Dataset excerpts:
--- START ---

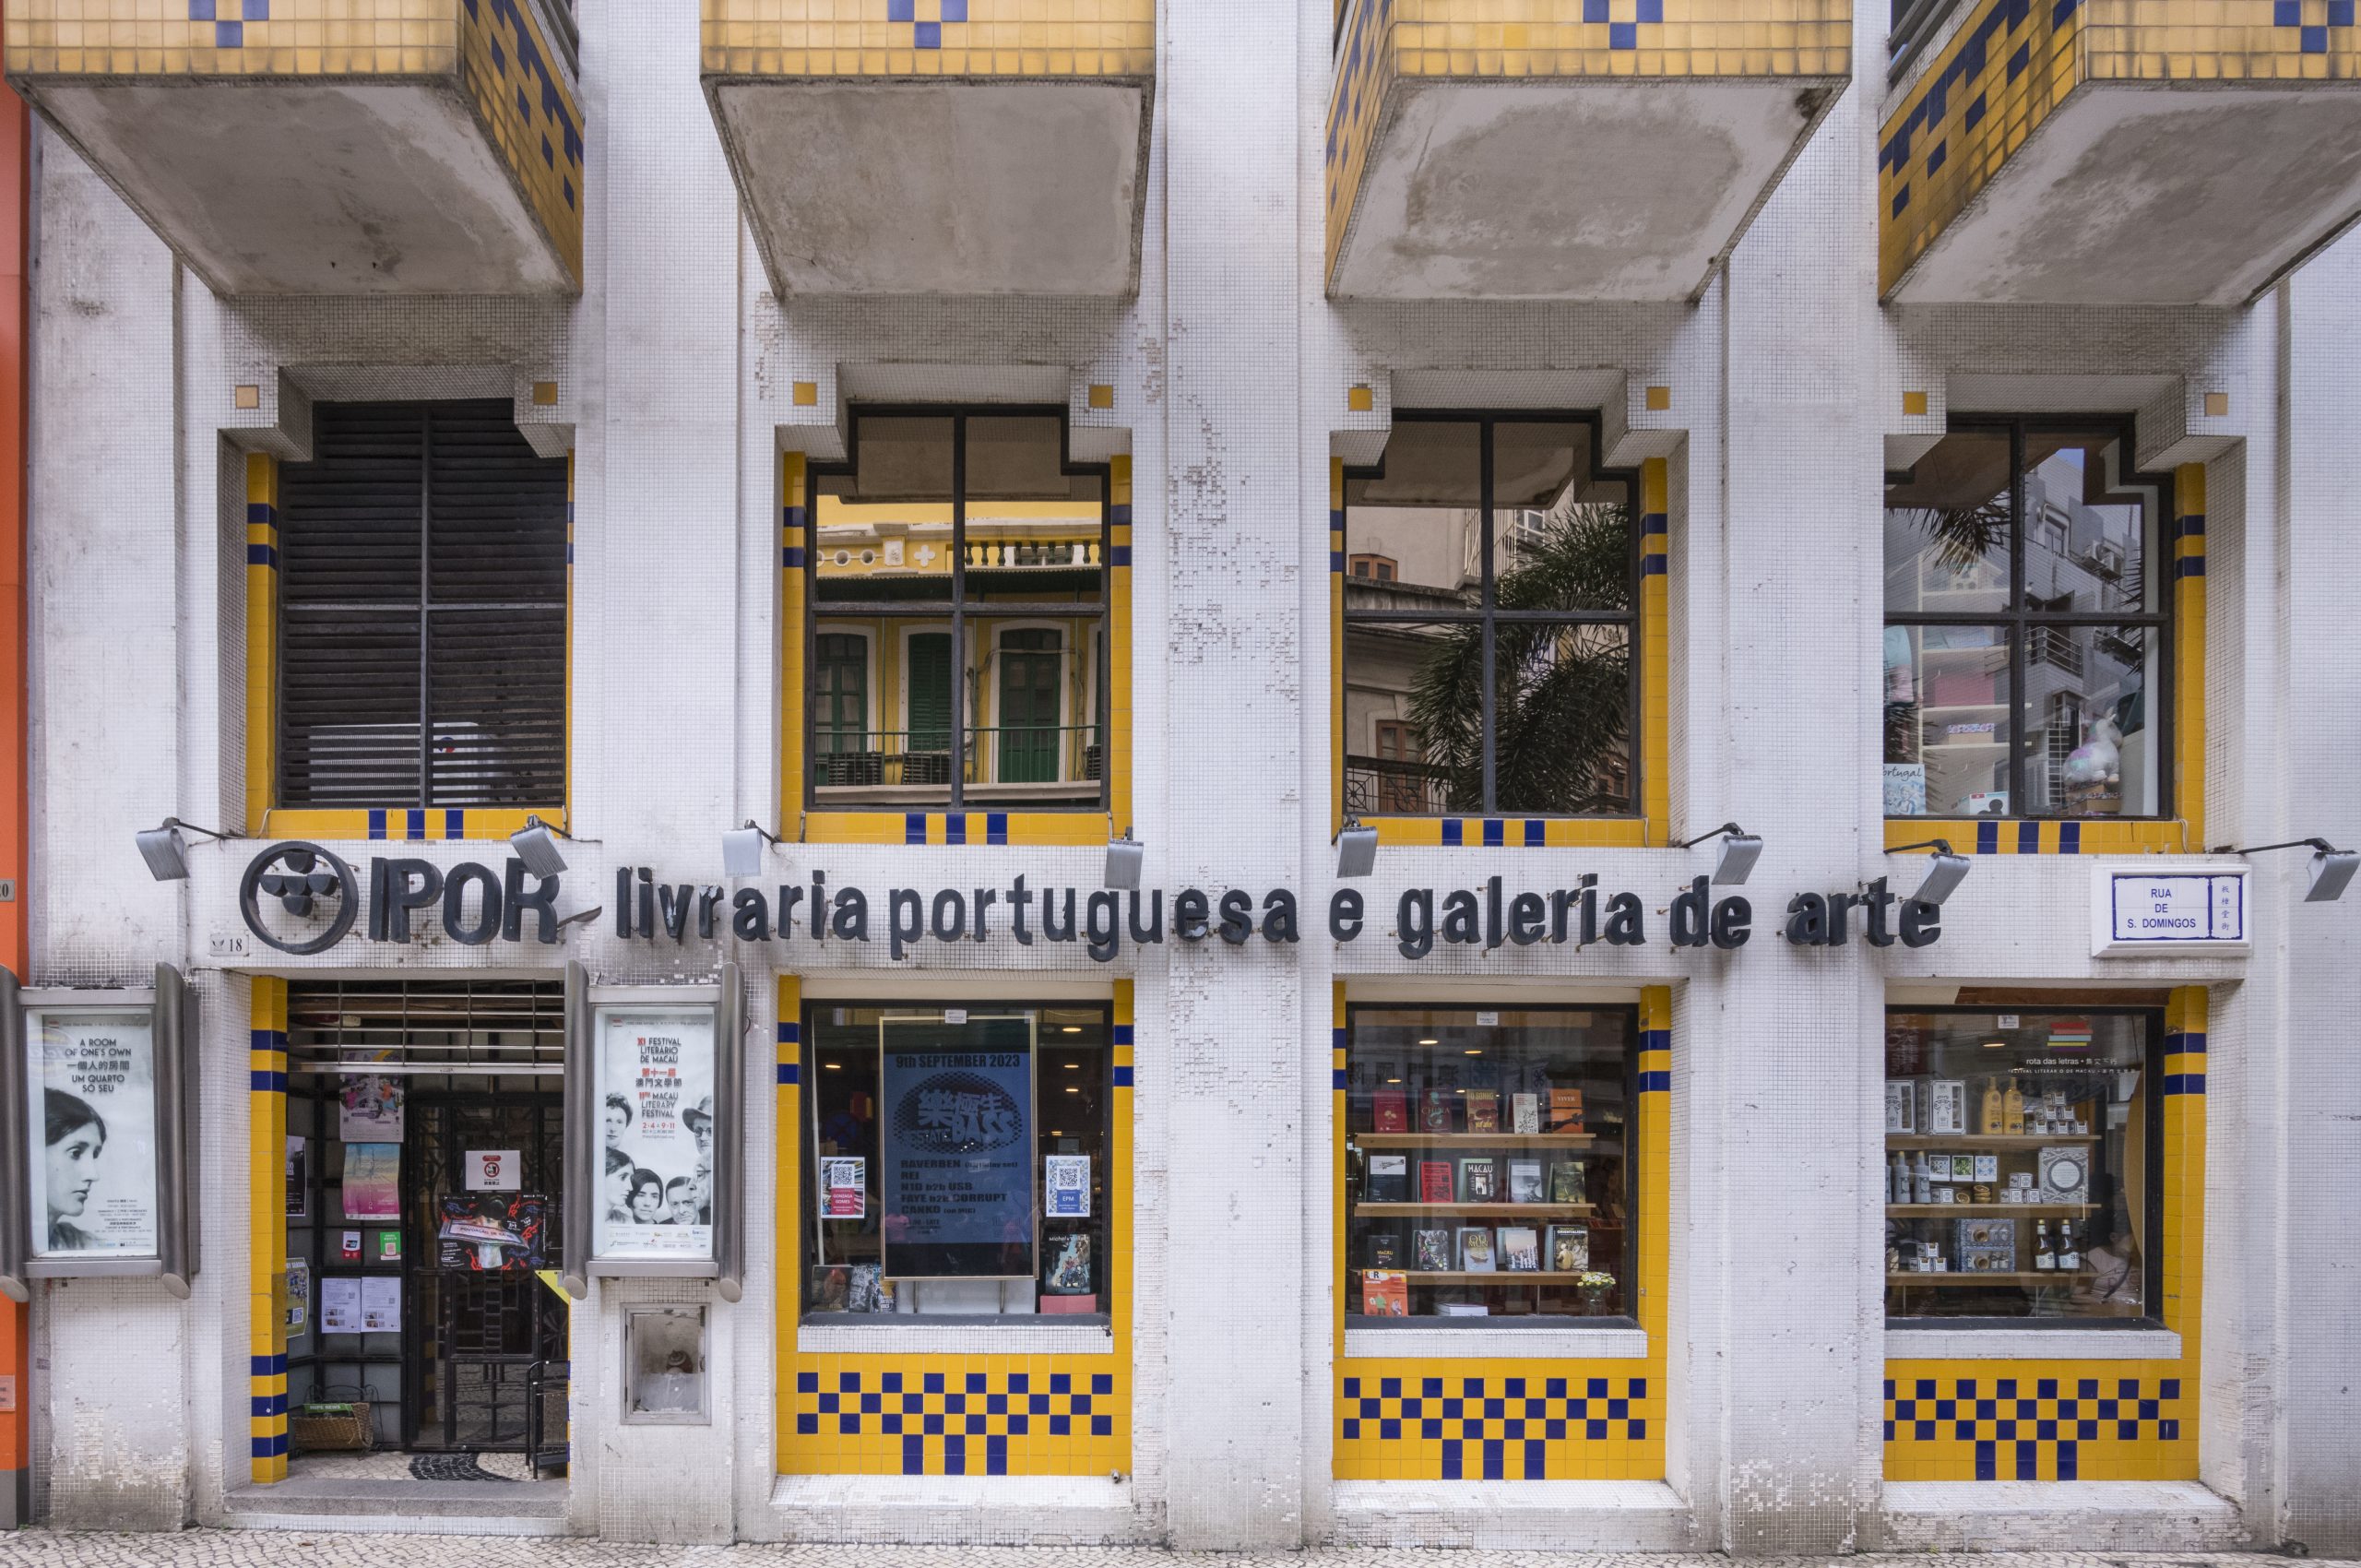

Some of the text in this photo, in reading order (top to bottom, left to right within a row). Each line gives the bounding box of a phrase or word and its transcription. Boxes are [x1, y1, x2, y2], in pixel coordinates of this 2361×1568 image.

[0, 883, 9, 897] 0
[2151, 889, 2172, 898] RUA
[371, 857, 560, 945] IPOR
[2154, 904, 2168, 913] DE
[616, 866, 1941, 962] livraria portuguesa e galeria de arte
[2127, 919, 2196, 928] S. DOMINGOS
[230, 938, 243, 952] 18
[637, 1038, 682, 1046] XI FESTIVAL
[80, 1048, 106, 1056] ONE'S
[109, 1048, 132, 1056] OWN
[640, 1055, 678, 1063] DE MACAU
[896, 1054, 1020, 1068] 9th SEPTEMBER 2023
[72, 1075, 125, 1083] UM QUARTO
[642, 1110, 674, 1118] FESTIVAL
[1467, 1164, 1493, 1173] MACAU
[900, 1171, 919, 1180] REI
[952, 1194, 1007, 1202] CORRUPT

--- END ---

■ YOUR GOAL: Please repeat all of the data exactly as it stands, leaving the pictures out.

■ TASK ANSWER:
Some of the text in this photo, in reading order (top to bottom, left to right within a row). Each line gives the bounding box of a phrase or word and its transcription. Boxes are [x1, y1, x2, y2], in pixel coordinates of this 2361×1568 image.

[0, 883, 9, 897] 0
[2151, 889, 2172, 898] RUA
[371, 857, 560, 945] IPOR
[2154, 904, 2168, 913] DE
[616, 866, 1941, 962] livraria portuguesa e galeria de arte
[2127, 919, 2196, 928] S. DOMINGOS
[230, 938, 243, 952] 18
[637, 1038, 682, 1046] XI FESTIVAL
[80, 1048, 106, 1056] ONE'S
[109, 1048, 132, 1056] OWN
[640, 1055, 678, 1063] DE MACAU
[896, 1054, 1020, 1068] 9th SEPTEMBER 2023
[72, 1075, 125, 1083] UM QUARTO
[642, 1110, 674, 1118] FESTIVAL
[1467, 1164, 1493, 1173] MACAU
[900, 1171, 919, 1180] REI
[952, 1194, 1007, 1202] CORRUPT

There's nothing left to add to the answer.